The Austin Chronicle

https://www.austinchronicle.com/events/film/1993-09-10/139071/

Hard Boiled

Not rated, 126 min. Directed by John Woo. Starring Chow Yun-Fat, Tony Leung, Philip Chan, Bowie Lam, Kwan Hoi-Shan.

REVIEWED By Marc Savlov, Fri., Sept. 10, 1993

(This print of Hard Boiled is John Woo's “director's cut” which includes several extra minutes deleted from the initial release print. Let's see... that ought to allow at least a couple hundred more gunshots and edits. We here reprint our review as we originally ran it.) From the opening moments of Hard Boiled, in which we see hair-trigger cop “Tequila” Yuen (Chow Yun-Fat) pour out a jigger of his namesake and jam on clarinet at a sleazy jazz club (and say, isn't that John Woo setting up all those Tequila Slammers behind the bar?), you get the feeling that you're in for something just a little bit out of the ordinary. As inspector Yuen, Chow Yun-Fat is once again back with his favorite director, and this time out he's nosing around illegal arms caches set up by one or more arms of the Golden Triad, those resolute runners of guns, drugs, and curiously bronzed birdcages.

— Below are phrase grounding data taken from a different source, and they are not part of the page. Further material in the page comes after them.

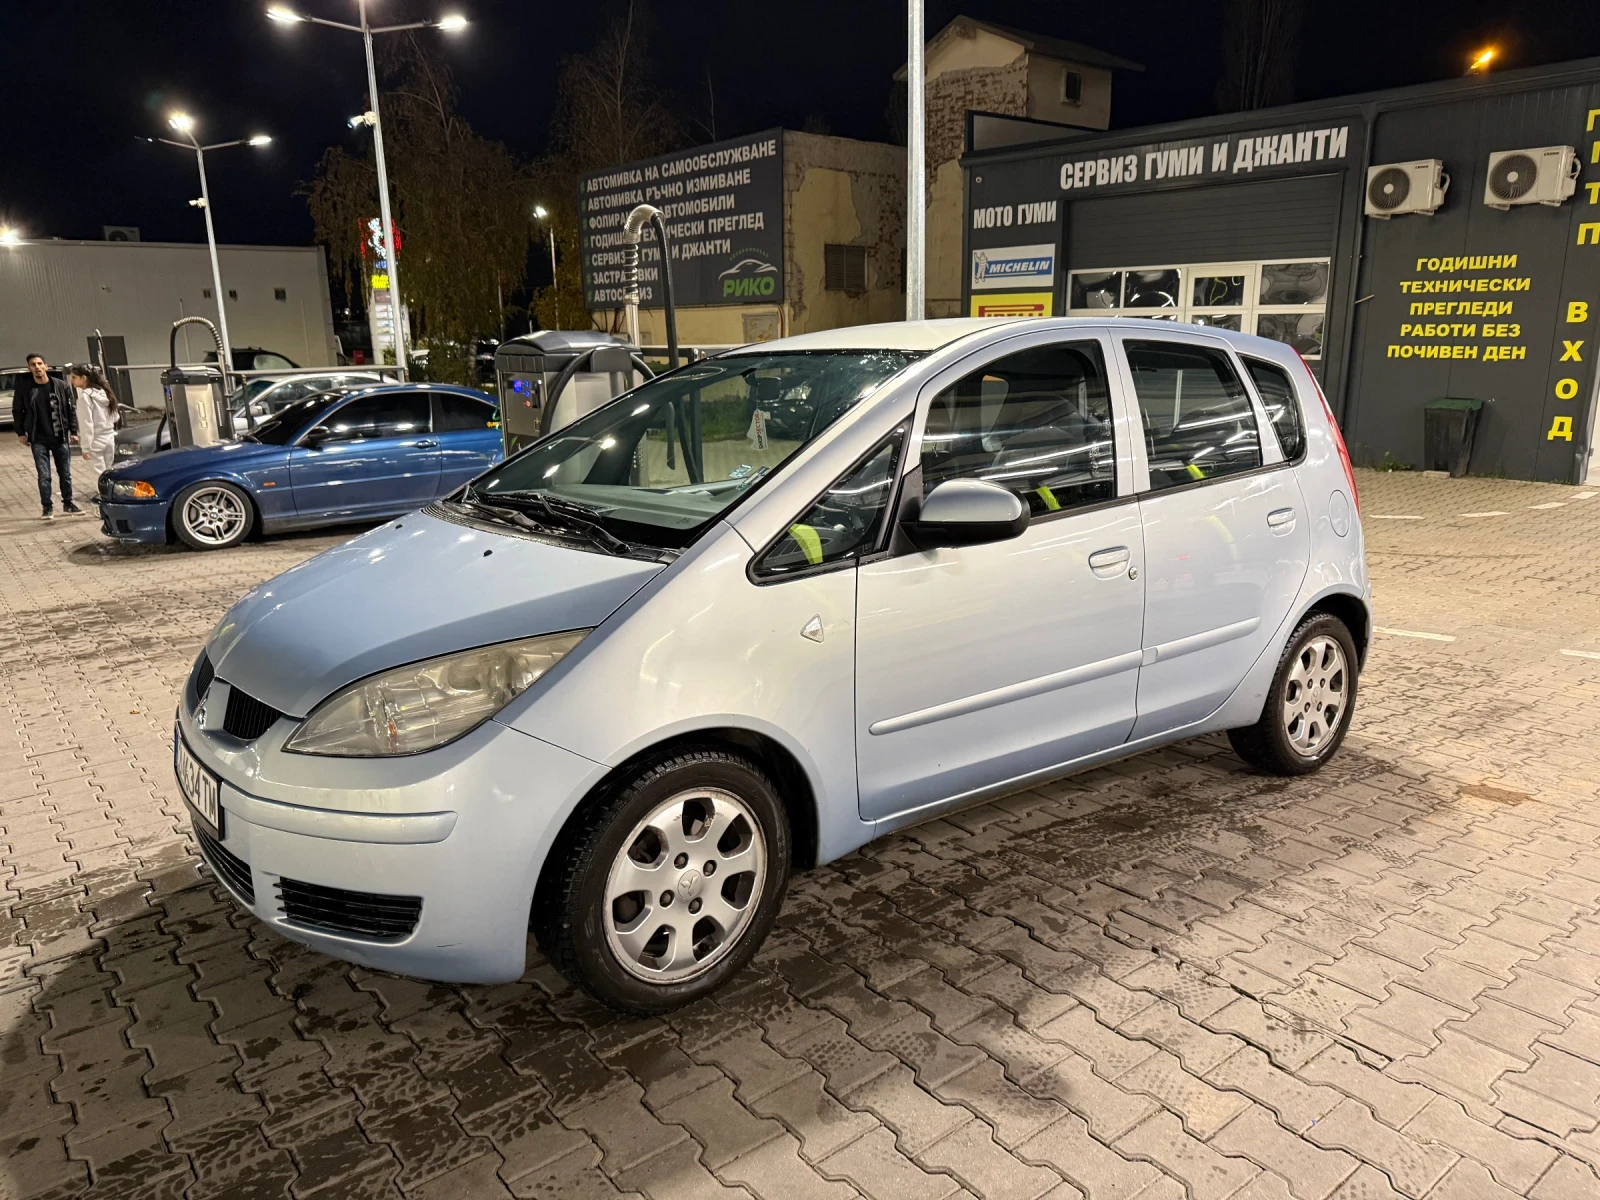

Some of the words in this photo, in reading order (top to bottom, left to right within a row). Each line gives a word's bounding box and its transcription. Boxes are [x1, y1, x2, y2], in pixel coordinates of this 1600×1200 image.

[586, 169, 643, 193] АВТОМИВКА
[645, 165, 659, 181] НА
[661, 139, 776, 178] САМООБСЛУЖВАНЕ
[1060, 154, 1137, 190] СЕРВИЗ
[1144, 146, 1204, 181] ГУМИ
[1211, 142, 1228, 172] И
[1232, 126, 1348, 174] ДЖАНТИ
[587, 189, 644, 212] АВТОМИВКА
[646, 181, 683, 201] РЪЧНО
[687, 168, 751, 194] ИЗМИВАНЕ
[589, 210, 629, 230] ФОЛИРА
[973, 204, 1013, 230] МОТО
[1017, 201, 1057, 225] ГУМИ
[590, 230, 625, 249] ГОДИШ
[708, 211, 764, 234] ПРЕГЛЕД
[591, 250, 626, 267] СЕРВИЗ
[642, 246, 661, 263] ГУМ
[671, 244, 680, 259] И
[682, 238, 731, 261] ДЖАНТИ
[989, 260, 1050, 274] MICHELIN
[1416, 254, 1518, 272] ГОДИШНИ
[592, 267, 658, 285] ЗАСТРАВКИ
[1399, 277, 1531, 294] ТЕХНИЧЕСКИ
[594, 287, 653, 303] АВТОСИЗ
[722, 276, 775, 298] РИКО
[1409, 301, 1513, 317] ПРЕГЛЕДИ
[1400, 323, 1477, 337] РАБОТИ
[1482, 323, 1521, 337] БЕЗ
[1387, 345, 1477, 360] ПОЧИВЕН
[1482, 345, 1526, 361] ДЕН
[1547, 301, 1588, 441] ВХОД

Chow's performance as Tequila brings a hyper-realistic new meaning to the term smooth: in the opening tearoom shootout sequence, he manages to go through clip after clip after clip, his 9mm braying like an ass on fire as he fluidly dives, rolls, and slides down the streamlined center of an escalator, killing god knows how many renegade arms dealers and never bothering to break a decent sweat. Action heroes like this are apparently stopped at America's borders. Woo's obsession with the virtues of brotherhood and betrayal are in full evidence, as when Chow teams up with cop Tony Leung to go undercover into a hospital housing a literally massive arms cache in its basement. In its final 30 minutes -- the notorious hospital shootout that director Martin Scorsese is rumored to be so fond of -- Hard Boiled approaches something like a kind of Zen violence, an aria of muzzle-flashes, bullet hits, and tightly-edited explosions. It's nirvana for seekers of action, and it rarely gets any better than this.